Selasa, 31 Agustus 2010

Masjid Berdampingan dengan Gereja dan Sinagoge

ADA sebuah kawasan di Kairo yang menjadi saksi bisu masuknya Islam ke Mesir. Yakni, kawasan Kairo lama. Di kawasan itu dulu terdapat Kota Fustat sebagai pusat pemerintahan Provinsi Mesir. Saat itu Mesir dipimpin Gubernur Amru bin Ash yang ditunjuk langsung oleh khalifah Umar bin Khathab yang berkedudukan di Madinah, setelah menundukkan kekuasaan Romawi di Mesir.
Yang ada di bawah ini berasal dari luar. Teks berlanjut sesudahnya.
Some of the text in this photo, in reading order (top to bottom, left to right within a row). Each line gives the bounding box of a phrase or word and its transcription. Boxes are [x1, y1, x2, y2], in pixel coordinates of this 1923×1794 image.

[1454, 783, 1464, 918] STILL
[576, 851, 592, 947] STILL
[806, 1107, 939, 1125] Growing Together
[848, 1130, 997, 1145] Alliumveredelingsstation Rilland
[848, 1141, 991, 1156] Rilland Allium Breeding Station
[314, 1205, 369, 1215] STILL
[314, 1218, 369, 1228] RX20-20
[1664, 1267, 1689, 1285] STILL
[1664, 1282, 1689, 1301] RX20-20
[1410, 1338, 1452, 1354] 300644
Memasuki kawasan Kairo lama, kita memang tidak bisa merasakan lagi kemegahannya. Khususnya, jika dibandingkan dengan kawasan Kairo modern yang penuh gedung bertingkat. Tetapi, sungguh sangat menarik jika kita melakukan penelusuran lebih jauh di Kairo lama. Terutama, memasuki lorong-lorong bawah tanah yang menjadi bagian kawasan asli waktu itu. Di sanalah saya menemukan gereja Kristen dan Sinagog Yahudi yang sampai sekarang masih aktif digunakan. Kedua tempat ibadah itu berada tidak jauh dari masjid besar Amru bin Ash yang menjadi pusat kegiatan pemerintahan Mesir.
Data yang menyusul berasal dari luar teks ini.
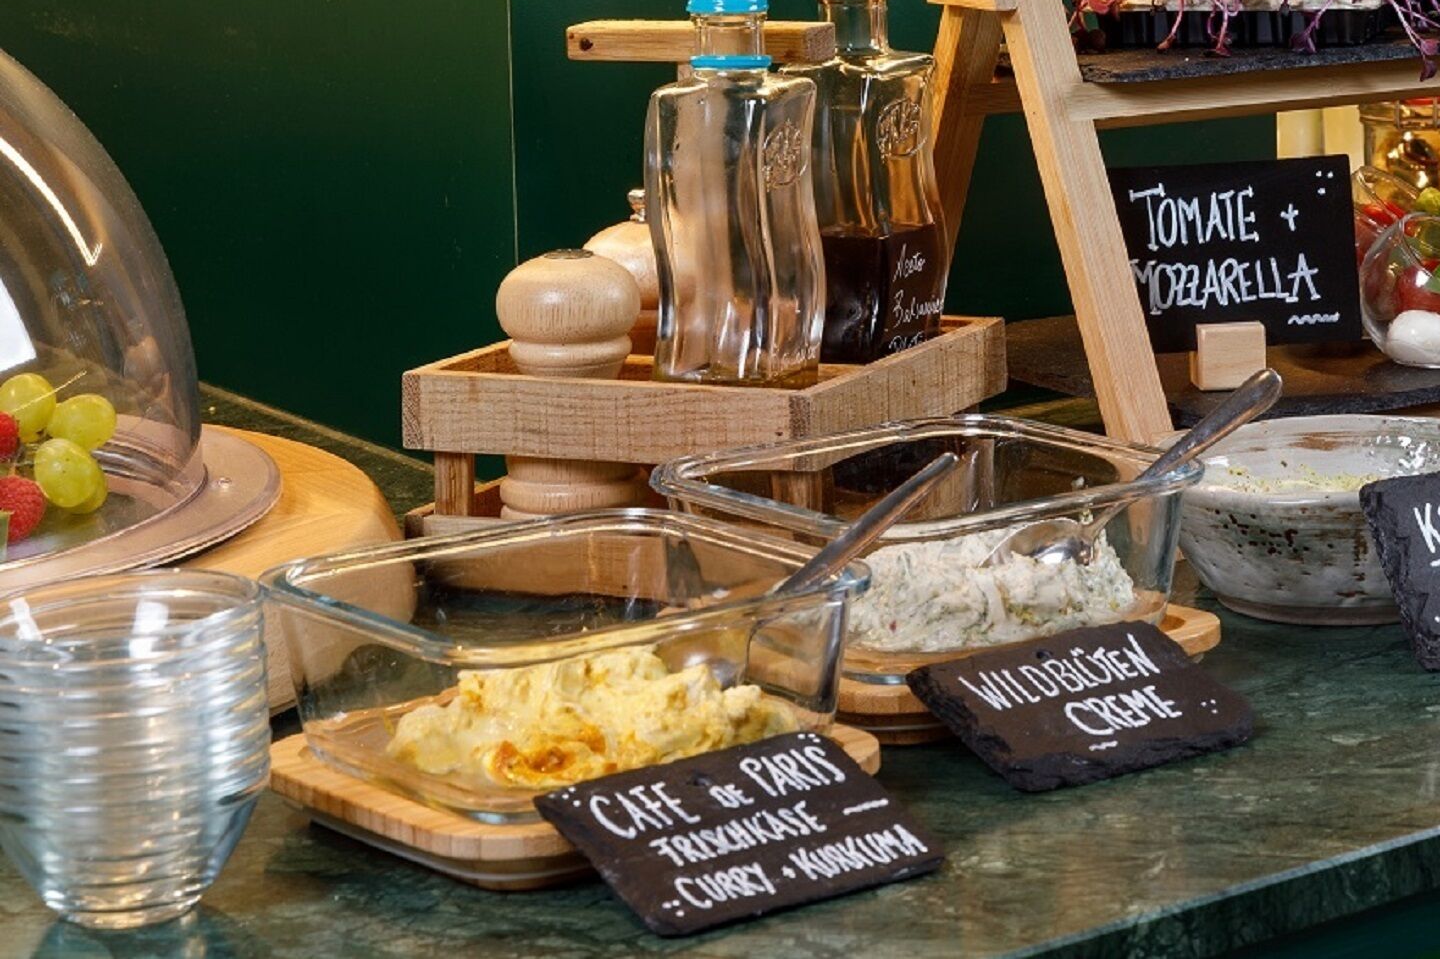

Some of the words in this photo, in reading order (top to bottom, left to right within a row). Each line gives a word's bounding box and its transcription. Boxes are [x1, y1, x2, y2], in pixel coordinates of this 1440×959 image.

[1128, 182, 1260, 252] TOMATE
[1280, 201, 1300, 232] +
[1128, 252, 1322, 316] MOZZARELLA
[958, 633, 1162, 712] WILDBLÜTEN
[1063, 684, 1183, 737] CREME
[588, 780, 702, 841] CAFE
[707, 783, 756, 811] DE
[738, 745, 847, 798] PARIS
[648, 800, 828, 869] FRISCHKÄSE
[675, 862, 778, 910] CURRY
[790, 824, 930, 882] KURKUMA
Beberapa kali saya sempat salat di masjid tua yang sudah berusia sekitar 1.500 tahun itu. Termasuk salat Tarawih. Saat itu imam salatnya menyenangkan. Bacaan Qurannya sangat bagus, suaranya merdu dan berwibawa. Salat di masjid itu terasa mantap dan khusyuk meski surat yang dibaca imam panjang-panjang. Setiap salat -dua rakaat, satu salam- rata-rata memakan waktu 15 menit. Maka, bagi yang menjalankan Tarawih 8 rakaat (plus tiga rakaat Witir), salatnya bisa memakan waktu sekitar satu jam. Sedangkan bagi yang menjalankan salat tarawih 20 rakaat (plus tiga rakaat salat witir), butuh waktu sekitar 2,5 jam.

Menjelang musim dingin seperti sekarang ini, waktu salat di Mesir dimajukan satu jam. Salat Isya yang biasanya pukul 21.30 menjadi pukul 20.30. Maka, salat Tarawih dengan 20 rakaat baru selesai sekitar pukul 23.30. Itu pun masih ada jamaah yang melanjutkan dengan salat Tasbih dan salat Tahajud, sepanjang malam.
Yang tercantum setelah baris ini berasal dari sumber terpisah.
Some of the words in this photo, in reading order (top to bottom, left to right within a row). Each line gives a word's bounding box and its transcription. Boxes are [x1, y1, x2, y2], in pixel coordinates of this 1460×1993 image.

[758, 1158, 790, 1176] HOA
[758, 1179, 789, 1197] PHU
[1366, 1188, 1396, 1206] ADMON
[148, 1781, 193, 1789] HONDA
Yang juga menarik, karena surat yang dibaca imam cukup panjang, banyak makmum yang menyimak sambil membaca kitab suci Alquran di tangan. Jadi, sambil berdiri salat, sebagian makmum membuka-buka Quran, sesuai dengan ayat yang dibaca imam. Pemandangan seperti itu jarang ada di Indonesia. Tetapi, di Mesir dan negara-negara Arab lainnya, salat seperti itu termasuk biasa. Bahkan, ada pula yang salat sambil membaca Alquran digital di handphone-nya. Yang tidak mengerti, mengira orang itu salat sambil SMS-an.

***

Amru bin Ash adalah panglima perang yang tangguh, sekaligus politikus ulung. Dia yang masuk Islam menjelang ditaklukkannya Kota Makkah, menjadi ujung tombak syiar Islam yang hebat di zaman Khulafaurrasyidin. Dia menjadi salah satu kekuatan inti sejak zaman Khalifah Abu Bakar. Prestasi terbesarnya pada zaman Umar bin Khathab, ketika dia bisa menundukkan kekuasaan Romawi yang waktu itu menjadi salah satu negara super power dunia bersama Kerajaan Persia.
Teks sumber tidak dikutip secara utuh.